Introduction to Persistence Diagrams
The objective of this blog post is to summarize my understanding of the theory and applications behind Smooth Euler Characteristic Transform (SECT) statistic which was first introduced by Crawford et al1 in 2020. The SECT statistic summarizes the shape information associated with an object as a collection of smooth curves that lie in a Hilbert space. The “niceness” of a Hilbert space allows us to use different tools from Functional Data Analysis (FDA). The motivation behind SECT comes from the Persistent Homology Transform (PHT) statistic introduced by Turner et al2 in 2014. The blog post starts with a review of Persistence Diagram basics, followed by an introduction to PHT, its properties, and drawbacks. The third section discusses the benefits of having a Hilbert space structure from a statistics point of view.
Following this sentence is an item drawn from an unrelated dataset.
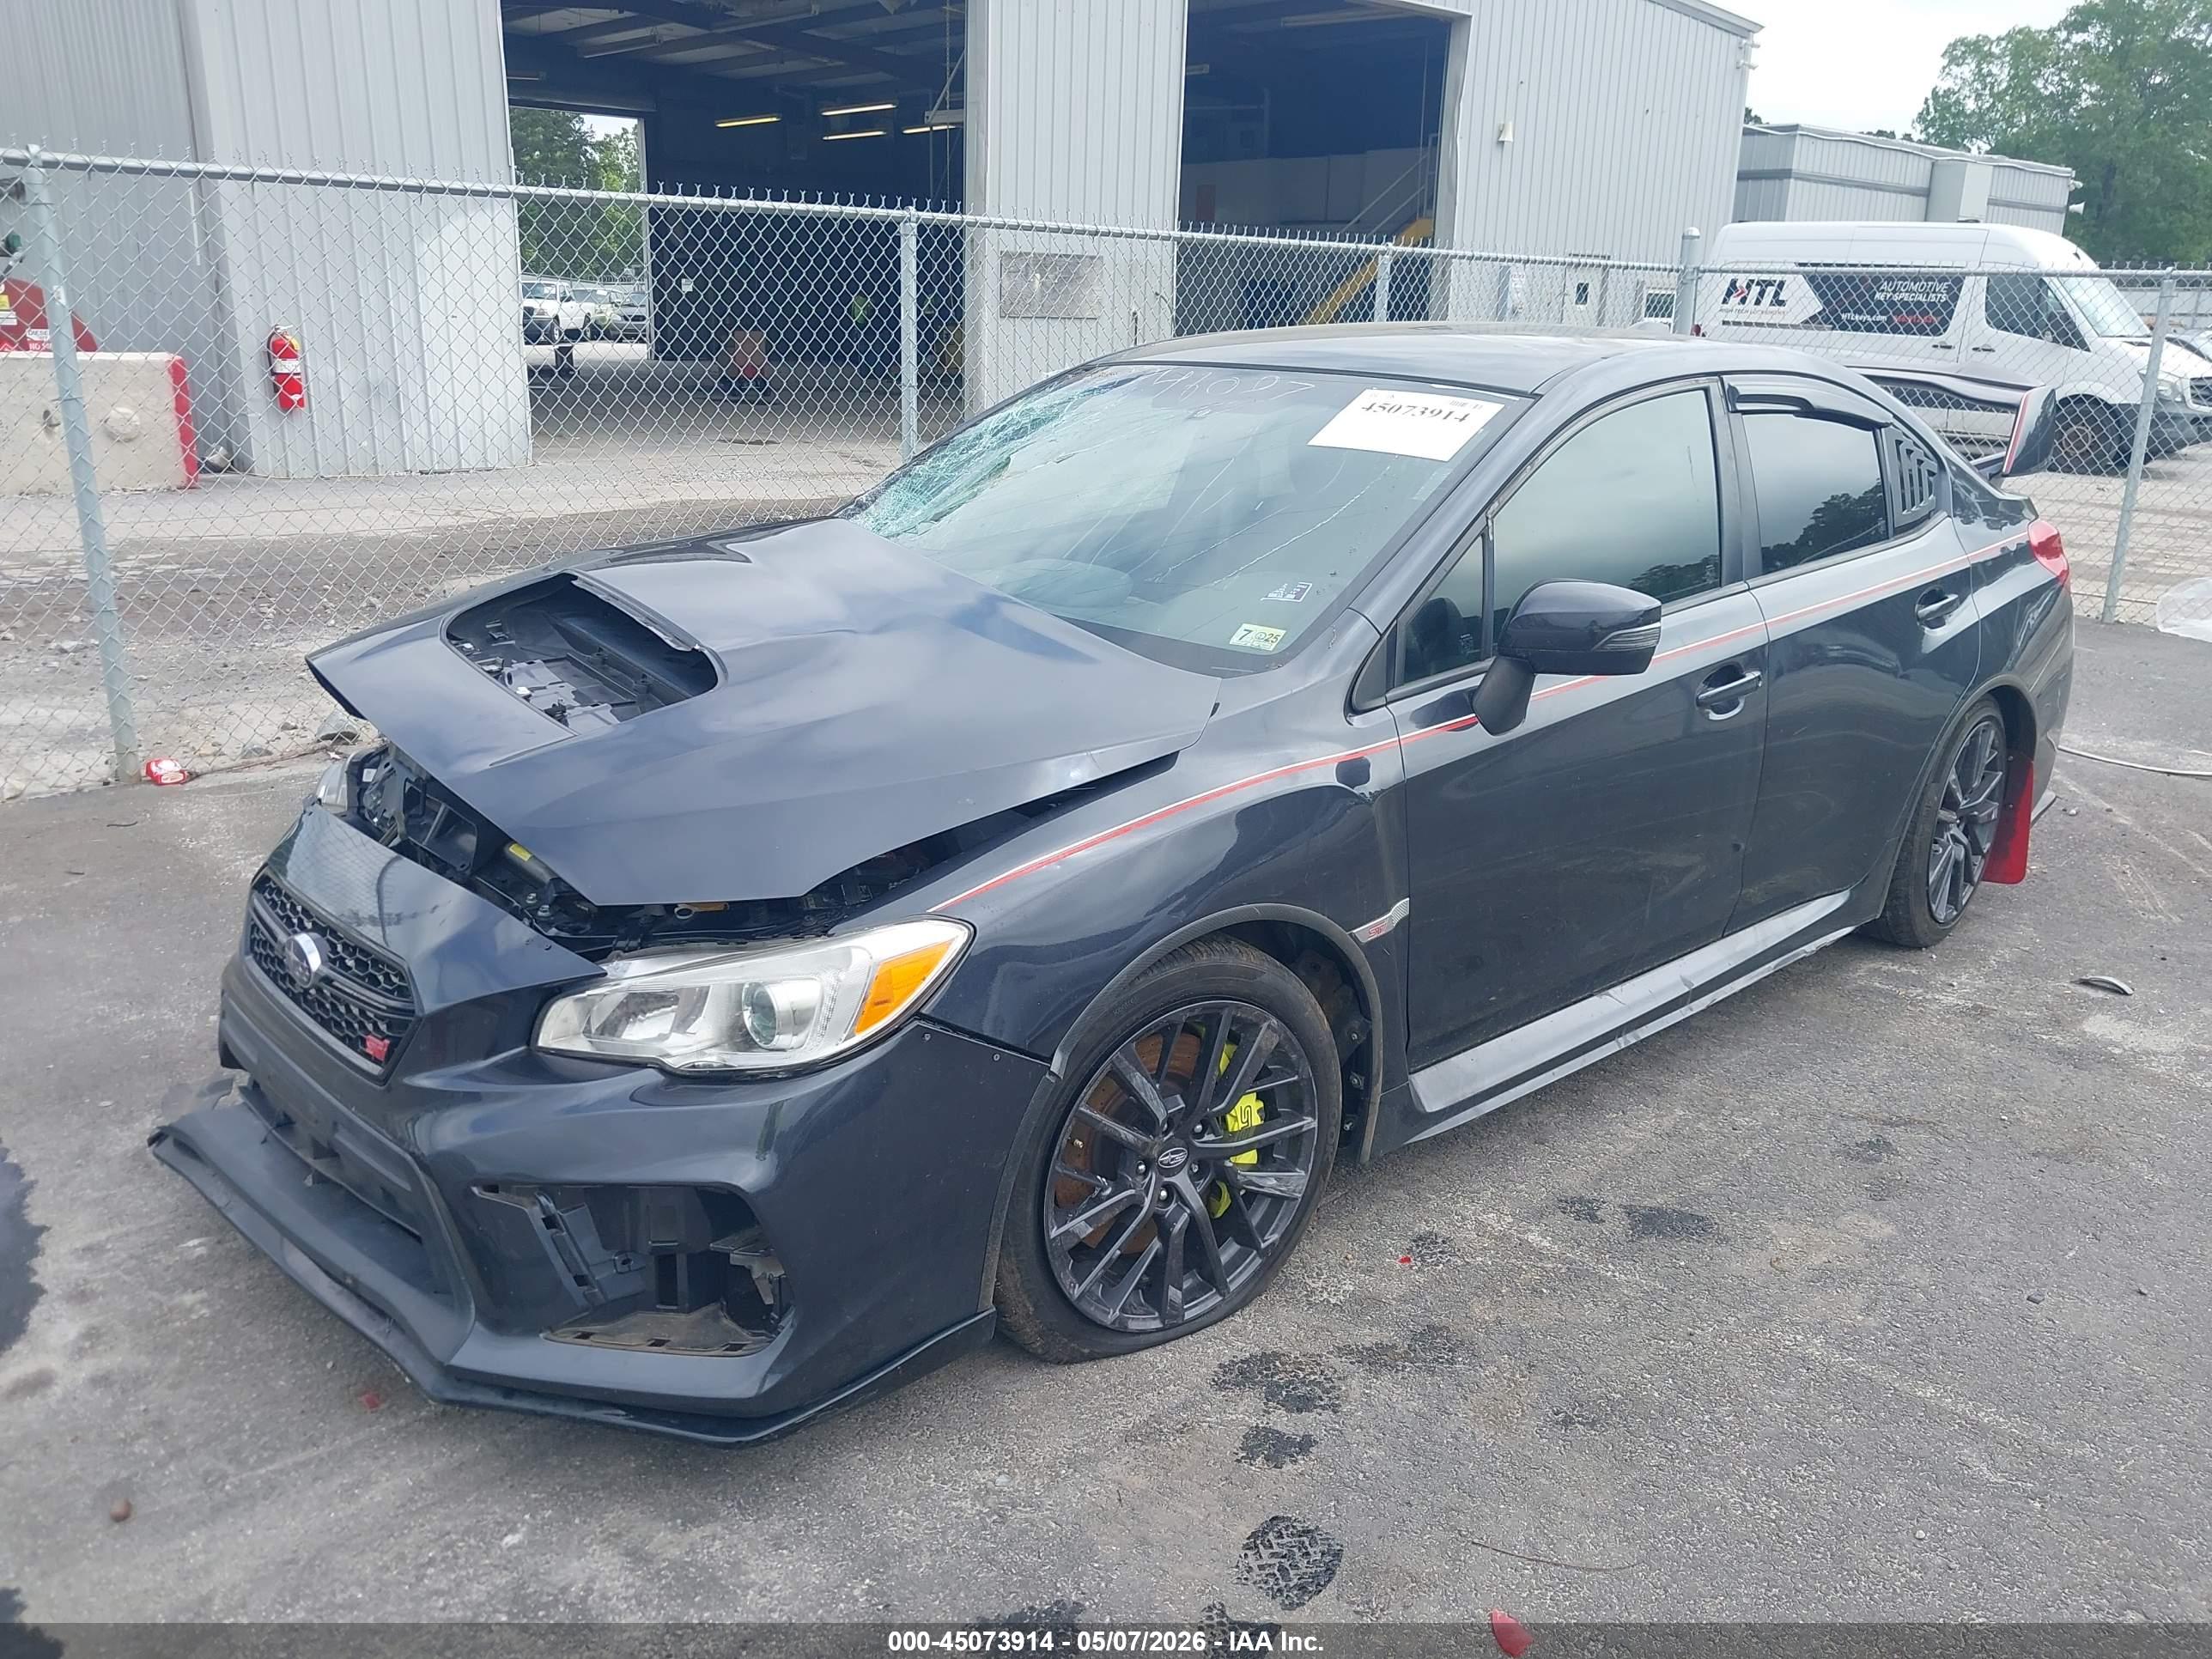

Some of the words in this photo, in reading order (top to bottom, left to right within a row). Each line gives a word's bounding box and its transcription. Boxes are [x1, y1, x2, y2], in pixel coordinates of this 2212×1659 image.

The fourth and final section discusses the construction of SECT statistic.
Assume that we are given a finite simplicial complex $\mathcal{K}$ along with its corresponding filteration $\mathcal{F} = \lbrace K_1, K_2, \cdots \rbrace$. A simplicial $k$-chain is a $\mathbb{F}$-linear combination of $k$-simplices in $\mathcal{K}$ for some choice of field $\mathcal{F}$. The set of all such $k$-chains form the vector space $C_k(\mathcal{K})$. This vector space is required to define the $k$-th boundary map $\partial_k$ of $\mathcal{K}$.
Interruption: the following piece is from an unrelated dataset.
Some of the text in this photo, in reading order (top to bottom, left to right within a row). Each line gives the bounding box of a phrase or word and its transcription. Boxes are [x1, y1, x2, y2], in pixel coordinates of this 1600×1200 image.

\[\partial_k : C_k(\mathcal{K}) \longrightarrow C_{k-1}(\mathcal{K}) \quad \text{ where } \quad \[v_0, v_1, \cdots, v_k \] \longmapsto \sum_{j=0}^k (-1)^j \[ v_0, v_1, \cdots, v_{j-1}, v_{j}, \cdots v_k \]\]The $k$-th Homology group is then defined as:
\[H_k(\mathcal{K}) = \dfrac{\text{Ker}(\partial_k)}{\text{Im}(\partial_{k+1})}\]Persistence diagrams summarize how the topology of $\mathcal{K}$ changes with respect to the filteration $\mathcal{F}$. For the homology class $\alpha \in H_k(K_i)$,the quantity $\mathrm{d}(\alpha) - \mathrm{b}(\alpha)$ defines persistence of class $\alpha$ where $\mathrm{d}(\alpha)$ and $\mathrm{b}(\alpha)$ denote the “birth” and “death” time (or the filteration number) of the equivalence class $\alpha$.
Persistent Homology Transform (PHT)
The authors of both PHT2 and SECT1 are trying to tackle the problem of how shape information can be quantified in a way that enables us to perform statistical inference. The PHT statistic, introduced by Turner et al2, is to model objects in $\mathbb{R}^2$ and $\mathbb{R}^3$. PHT captures shape information as a collection of Persistent Diagrams that we have to work with instead of the object itself. Hence, the resulting space of persistence diagrams, $\mathcal{D}$, needs to be “nice” i.e. a space where we can perform statistical inference. For instance, consider the CT scan mesh representations of five teeth taken from Turner et al2. If there exists a distance function $d$ such that $(\mathcal{D}, d)$ is a well-defined metric space, then such a metric $d$ could be used to compare the shapes of these teeth.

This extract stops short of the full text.